Much previous research looking at the precise ways in which alcohol causes cancer has been done in cell cultures.
However, in the new study, researchers used mice to show how alcohol exposure leads to permanent genetic damage.
Scientists at the MRC Laboratory of Molecular Biology at the University of Cambridge in the UK gave diluted alcohol, chemically known as ethanol, to mice.
They then used chromosome analysis and DNA sequencing to examine the genetic damage caused by acetaldehyde, a harmful chemical produced when the body processes alcohol.
The researchers found that acetaldehyde can break and damage DNA within blood stem cells leading to rearranged chromosomes and permanently alter the DNA sequences within these cells.
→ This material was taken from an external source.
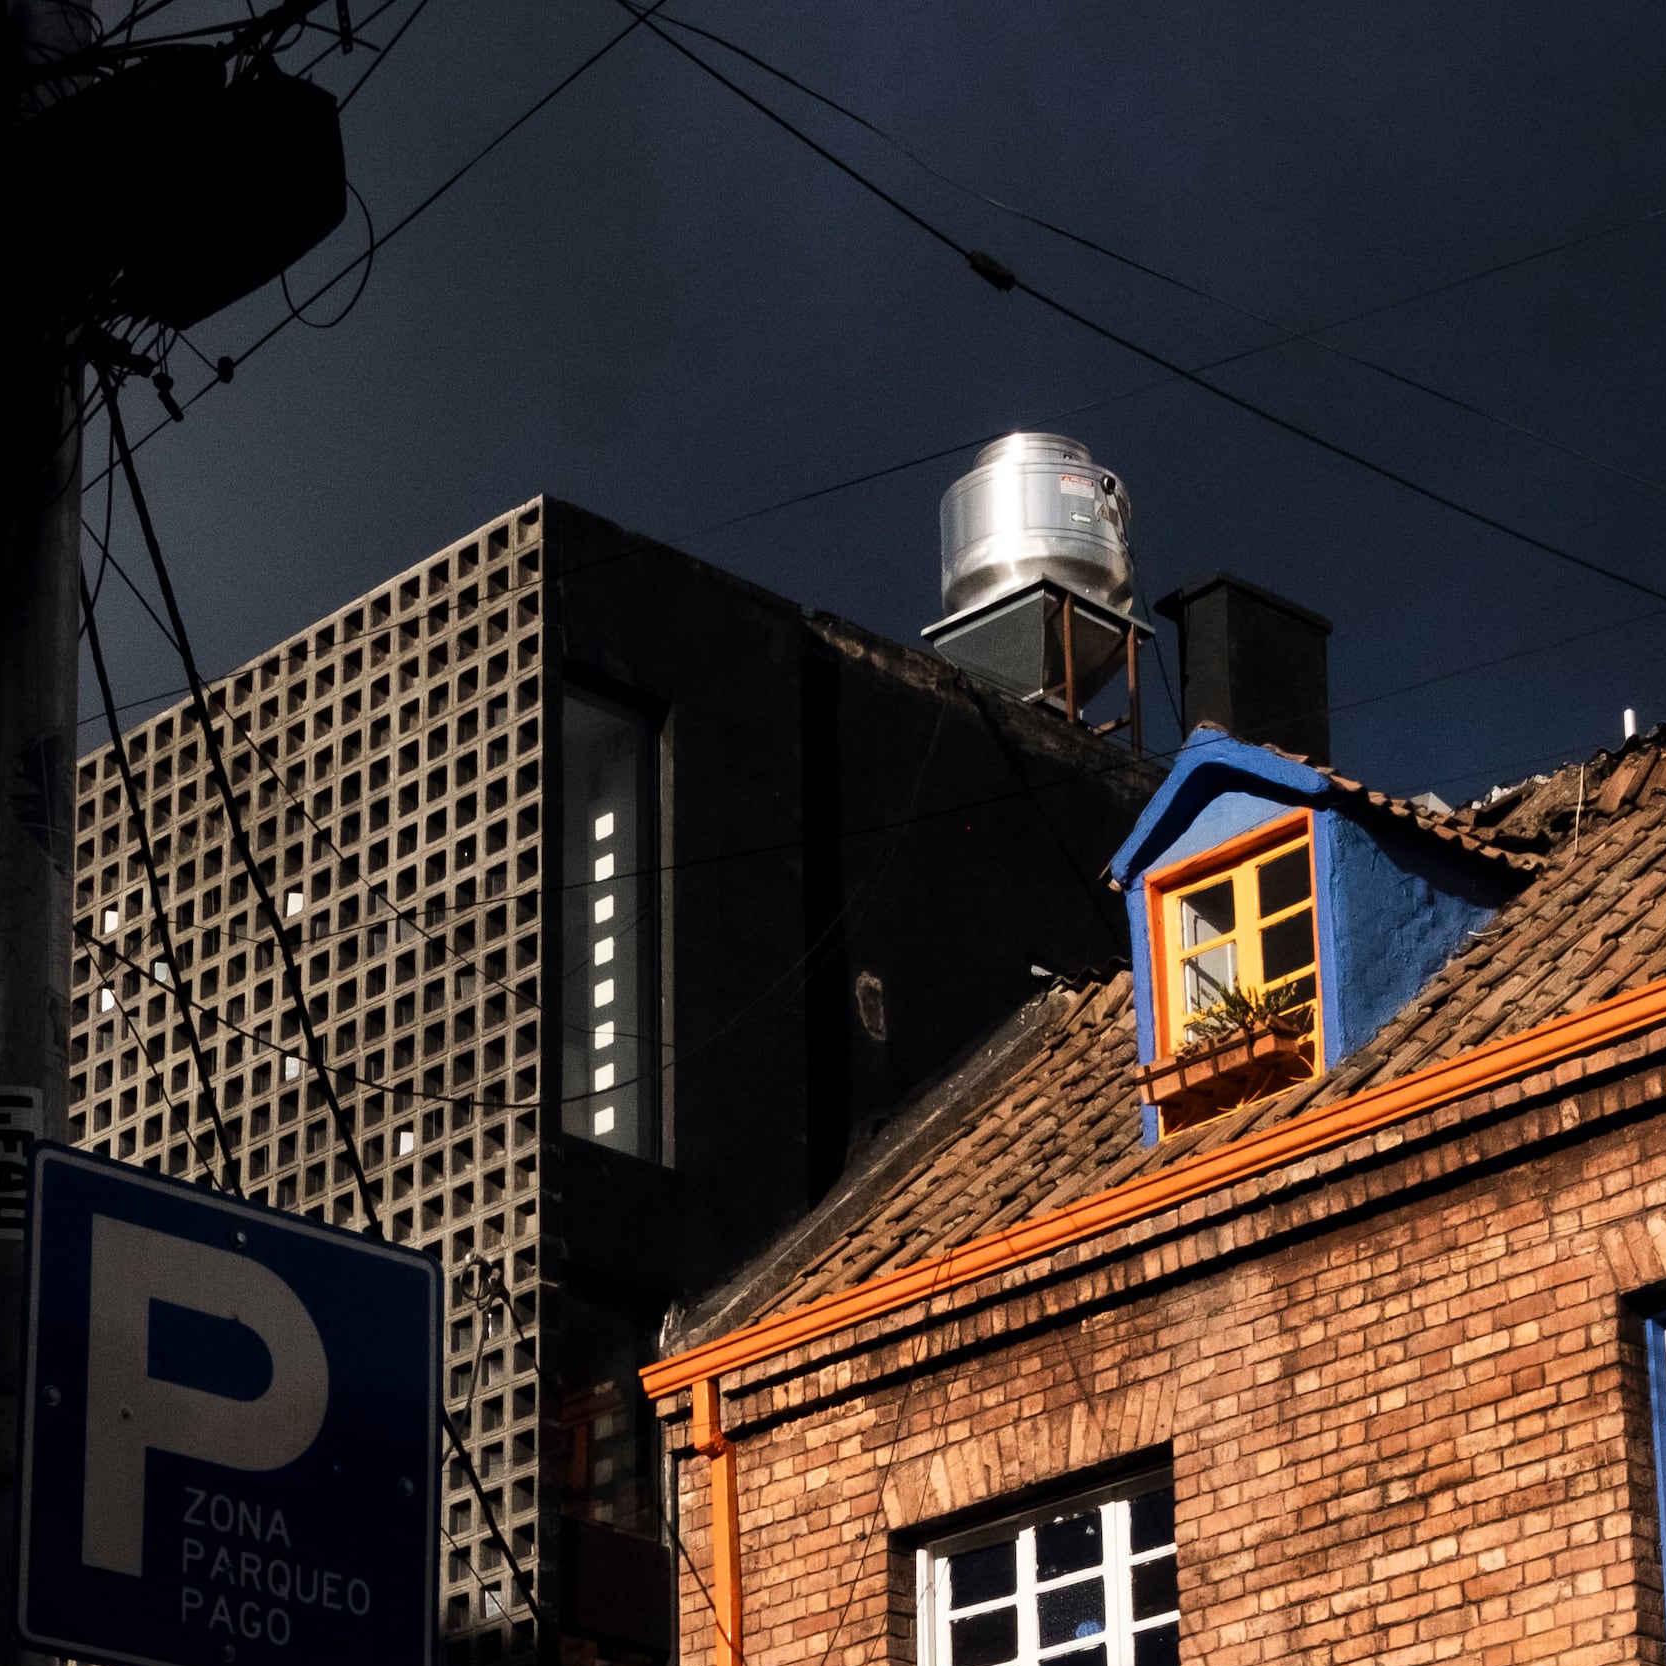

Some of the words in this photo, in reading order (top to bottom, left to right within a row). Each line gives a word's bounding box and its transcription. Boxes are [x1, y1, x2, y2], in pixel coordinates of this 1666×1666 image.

[81, 1212, 330, 1579] P
[183, 1486, 291, 1550] ZONA
[181, 1537, 371, 1616] PARQUEO
[181, 1586, 291, 1646] PAGO
“Some cancers develop due to DNA damage in stem cells,” said Professor Ketan Patel from the MRC Laboratory of Molecular Biology.
“While some damage occurs by chance, our findings suggest that drinking alcohol can increase the risk of this damage,” said Patel, lead author of the study published in the journal Nature.
It is important to understand how the DNA blueprint within stem cells is damaged because when healthy stem cells become faulty, they can give rise to cancer, researchers said.
The new findings help us to understand how drinking alcohol increases the risk of developing seven types of cancer, including common types like breast and bowel, they said.
The study also examined how the body tries to protect itself against damage caused by alcohol. The first line of defence is a family of enzymes called aldehyde dehydrogenases (ALDH).
These enzymes break down harmful acetaldehyde into acetate, which our cells can use as a source of energy.
Worldwide, millions of people, particularly those from South East Asia, either lack these enzymes or carry faulty versions of them, researchers said.
When they drink, acetaldehyde builds up which causes a flushed complexion, and also leads to them feeling unwell, they said.
In the study, when mice lacking the critical ALDH enzyme – ALDH2 – were given alcohol, it resulted in four times as much DNA damage in their cells compared to mice with the fully functioning ALDH2 enzyme.
The second line of defence used by cells is a variety of DNA repair systems which, most of the time, allow them to fix and reverse different types of DNA damage.
However, they do not always work and some people carry mutations which mean their cells are not able to carry out these repairs effectively.
“Our study highlights that not being able to process alcohol effectively can lead to an even higher risk of alcohol-related DNA damage and therefore certain cancers,” Patel said.
“But it is important to remember that alcohol clearance and DNA repair systems are not perfect and alcohol can still cause cancer in different ways, even in people whose defence mechanisms are intact,” he added.